*Exercise goal*.
Each line from the one containing "this 1751×2048 image." through the last line of the records below is to be repeated as written, with nothing added.

Records from a data collection

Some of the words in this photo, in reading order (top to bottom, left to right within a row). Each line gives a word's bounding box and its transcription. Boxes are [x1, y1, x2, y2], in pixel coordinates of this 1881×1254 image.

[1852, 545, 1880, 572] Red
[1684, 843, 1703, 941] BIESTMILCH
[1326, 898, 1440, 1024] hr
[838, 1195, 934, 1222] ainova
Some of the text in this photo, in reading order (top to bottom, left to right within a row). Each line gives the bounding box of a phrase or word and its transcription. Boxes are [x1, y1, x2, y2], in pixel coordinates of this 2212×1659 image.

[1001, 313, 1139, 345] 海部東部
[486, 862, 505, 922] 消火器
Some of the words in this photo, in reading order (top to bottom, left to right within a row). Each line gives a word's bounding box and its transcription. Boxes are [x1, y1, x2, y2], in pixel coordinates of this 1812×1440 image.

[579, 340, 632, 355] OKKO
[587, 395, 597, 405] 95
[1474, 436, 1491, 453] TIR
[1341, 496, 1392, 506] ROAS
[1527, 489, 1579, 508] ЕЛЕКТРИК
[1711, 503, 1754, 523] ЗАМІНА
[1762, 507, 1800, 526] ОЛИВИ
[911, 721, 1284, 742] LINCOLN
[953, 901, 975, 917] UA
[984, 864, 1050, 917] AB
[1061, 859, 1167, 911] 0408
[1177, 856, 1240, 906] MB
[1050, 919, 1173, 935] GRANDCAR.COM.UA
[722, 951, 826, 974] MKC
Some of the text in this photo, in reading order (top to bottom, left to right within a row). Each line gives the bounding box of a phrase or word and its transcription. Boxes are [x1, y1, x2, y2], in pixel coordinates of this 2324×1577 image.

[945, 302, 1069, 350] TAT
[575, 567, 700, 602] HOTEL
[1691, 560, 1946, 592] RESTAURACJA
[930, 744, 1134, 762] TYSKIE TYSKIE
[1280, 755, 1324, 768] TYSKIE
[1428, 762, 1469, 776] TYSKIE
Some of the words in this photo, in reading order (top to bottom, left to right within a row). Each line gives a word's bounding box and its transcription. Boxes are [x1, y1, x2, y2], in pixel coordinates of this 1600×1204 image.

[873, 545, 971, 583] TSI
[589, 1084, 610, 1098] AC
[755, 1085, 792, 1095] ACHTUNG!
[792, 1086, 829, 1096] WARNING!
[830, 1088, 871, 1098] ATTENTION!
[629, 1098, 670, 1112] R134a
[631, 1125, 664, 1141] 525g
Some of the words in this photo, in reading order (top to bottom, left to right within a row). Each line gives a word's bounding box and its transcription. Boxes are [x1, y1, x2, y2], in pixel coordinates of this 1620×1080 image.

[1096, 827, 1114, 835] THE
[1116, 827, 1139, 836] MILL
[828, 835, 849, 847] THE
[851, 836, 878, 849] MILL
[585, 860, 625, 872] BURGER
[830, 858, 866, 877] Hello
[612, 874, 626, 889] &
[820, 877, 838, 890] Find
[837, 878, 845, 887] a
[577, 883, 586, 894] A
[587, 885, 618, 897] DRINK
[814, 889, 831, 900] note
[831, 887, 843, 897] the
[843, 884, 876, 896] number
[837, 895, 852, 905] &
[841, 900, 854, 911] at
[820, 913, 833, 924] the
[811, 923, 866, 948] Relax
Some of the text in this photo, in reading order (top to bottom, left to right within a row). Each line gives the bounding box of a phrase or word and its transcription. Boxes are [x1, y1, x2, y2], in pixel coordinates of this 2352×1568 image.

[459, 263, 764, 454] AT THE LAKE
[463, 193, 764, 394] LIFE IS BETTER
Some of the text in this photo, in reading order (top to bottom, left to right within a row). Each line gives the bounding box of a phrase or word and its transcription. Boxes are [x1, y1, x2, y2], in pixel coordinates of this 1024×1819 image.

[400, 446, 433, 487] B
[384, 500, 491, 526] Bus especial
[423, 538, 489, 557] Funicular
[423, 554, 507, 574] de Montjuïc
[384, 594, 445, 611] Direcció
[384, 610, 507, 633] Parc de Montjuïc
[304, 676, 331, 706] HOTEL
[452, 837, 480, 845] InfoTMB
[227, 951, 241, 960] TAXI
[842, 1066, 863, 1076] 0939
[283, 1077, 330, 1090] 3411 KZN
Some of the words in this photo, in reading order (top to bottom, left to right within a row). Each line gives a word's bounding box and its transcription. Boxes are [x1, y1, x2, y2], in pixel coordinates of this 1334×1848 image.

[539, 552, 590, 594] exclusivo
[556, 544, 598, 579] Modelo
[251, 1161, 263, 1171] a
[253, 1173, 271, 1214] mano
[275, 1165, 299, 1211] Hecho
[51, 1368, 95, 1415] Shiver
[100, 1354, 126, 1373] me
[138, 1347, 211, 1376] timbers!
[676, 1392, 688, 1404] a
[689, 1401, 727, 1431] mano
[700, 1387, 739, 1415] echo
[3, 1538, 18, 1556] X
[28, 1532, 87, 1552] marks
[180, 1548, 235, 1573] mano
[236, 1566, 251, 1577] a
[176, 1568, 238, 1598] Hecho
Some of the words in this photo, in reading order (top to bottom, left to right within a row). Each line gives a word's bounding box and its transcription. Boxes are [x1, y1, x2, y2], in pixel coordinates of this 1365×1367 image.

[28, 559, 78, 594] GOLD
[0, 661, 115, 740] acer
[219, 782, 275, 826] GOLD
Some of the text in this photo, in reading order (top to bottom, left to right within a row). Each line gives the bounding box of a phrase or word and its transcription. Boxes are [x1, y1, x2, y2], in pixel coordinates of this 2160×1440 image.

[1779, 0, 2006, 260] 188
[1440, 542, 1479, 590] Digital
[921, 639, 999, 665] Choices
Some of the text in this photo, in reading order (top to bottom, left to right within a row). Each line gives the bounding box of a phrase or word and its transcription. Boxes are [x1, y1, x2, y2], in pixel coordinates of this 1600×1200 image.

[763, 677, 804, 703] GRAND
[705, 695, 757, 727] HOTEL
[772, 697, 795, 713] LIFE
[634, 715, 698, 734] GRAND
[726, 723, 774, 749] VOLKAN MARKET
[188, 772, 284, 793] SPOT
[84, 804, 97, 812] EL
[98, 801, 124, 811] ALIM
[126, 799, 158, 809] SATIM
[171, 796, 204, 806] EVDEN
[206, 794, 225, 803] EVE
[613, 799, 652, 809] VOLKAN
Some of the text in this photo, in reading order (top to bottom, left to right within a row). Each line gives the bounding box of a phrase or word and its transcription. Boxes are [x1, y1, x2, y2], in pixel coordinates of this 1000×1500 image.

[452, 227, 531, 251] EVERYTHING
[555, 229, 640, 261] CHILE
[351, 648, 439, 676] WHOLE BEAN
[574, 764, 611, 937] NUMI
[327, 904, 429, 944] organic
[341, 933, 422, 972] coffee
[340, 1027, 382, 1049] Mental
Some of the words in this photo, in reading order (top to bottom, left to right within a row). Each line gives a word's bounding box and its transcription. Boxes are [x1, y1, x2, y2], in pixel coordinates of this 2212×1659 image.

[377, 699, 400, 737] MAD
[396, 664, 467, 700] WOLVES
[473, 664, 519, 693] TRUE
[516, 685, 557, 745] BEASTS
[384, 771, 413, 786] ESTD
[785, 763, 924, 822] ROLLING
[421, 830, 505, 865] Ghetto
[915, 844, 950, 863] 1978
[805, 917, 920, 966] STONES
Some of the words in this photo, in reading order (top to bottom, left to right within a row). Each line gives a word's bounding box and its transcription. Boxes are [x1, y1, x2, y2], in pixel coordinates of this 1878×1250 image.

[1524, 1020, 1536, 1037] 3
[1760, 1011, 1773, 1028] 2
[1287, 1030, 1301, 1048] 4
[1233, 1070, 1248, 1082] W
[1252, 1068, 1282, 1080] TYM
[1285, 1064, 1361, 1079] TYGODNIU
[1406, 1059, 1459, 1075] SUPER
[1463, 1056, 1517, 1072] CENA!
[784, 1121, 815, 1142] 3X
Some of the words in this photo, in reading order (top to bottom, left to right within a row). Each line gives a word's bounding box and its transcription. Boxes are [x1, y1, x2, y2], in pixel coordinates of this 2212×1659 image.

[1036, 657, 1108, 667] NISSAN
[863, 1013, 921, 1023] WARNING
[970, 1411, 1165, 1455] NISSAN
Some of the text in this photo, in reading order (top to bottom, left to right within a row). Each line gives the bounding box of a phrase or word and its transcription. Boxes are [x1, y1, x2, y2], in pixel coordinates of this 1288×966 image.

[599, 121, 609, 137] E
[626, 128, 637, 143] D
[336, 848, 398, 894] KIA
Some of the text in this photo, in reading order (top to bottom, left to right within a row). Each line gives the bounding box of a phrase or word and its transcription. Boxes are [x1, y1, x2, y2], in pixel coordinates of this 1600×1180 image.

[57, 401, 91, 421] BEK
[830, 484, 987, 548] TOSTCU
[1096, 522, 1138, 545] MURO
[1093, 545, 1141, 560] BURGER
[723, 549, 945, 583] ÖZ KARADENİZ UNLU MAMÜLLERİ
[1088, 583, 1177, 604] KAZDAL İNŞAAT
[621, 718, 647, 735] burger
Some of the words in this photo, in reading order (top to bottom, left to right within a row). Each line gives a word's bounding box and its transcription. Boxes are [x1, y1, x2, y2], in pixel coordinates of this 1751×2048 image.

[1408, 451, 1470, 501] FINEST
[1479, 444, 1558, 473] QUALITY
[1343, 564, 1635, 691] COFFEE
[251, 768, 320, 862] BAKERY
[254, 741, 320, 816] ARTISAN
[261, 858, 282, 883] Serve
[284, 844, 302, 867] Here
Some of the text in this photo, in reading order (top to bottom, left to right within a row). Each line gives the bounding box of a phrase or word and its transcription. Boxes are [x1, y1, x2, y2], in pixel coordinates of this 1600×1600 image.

*Reply to the task*.
Some of the words in this photo, in reading order (top to bottom, left to right within a row). Each line gives a word's bounding box and its transcription. Boxes are [x1, y1, x2, y2], in pixel coordinates of this 1751×2048 image.

[1408, 451, 1470, 501] FINEST
[1479, 444, 1558, 473] QUALITY
[1343, 564, 1635, 691] COFFEE
[251, 768, 320, 862] BAKERY
[254, 741, 320, 816] ARTISAN
[261, 858, 282, 883] Serve
[284, 844, 302, 867] Here
Some of the text in this photo, in reading order (top to bottom, left to right within a row). Each line gives the bounding box of a phrase or word and its transcription. Boxes are [x1, y1, x2, y2], in pixel coordinates of this 1600×1600 image.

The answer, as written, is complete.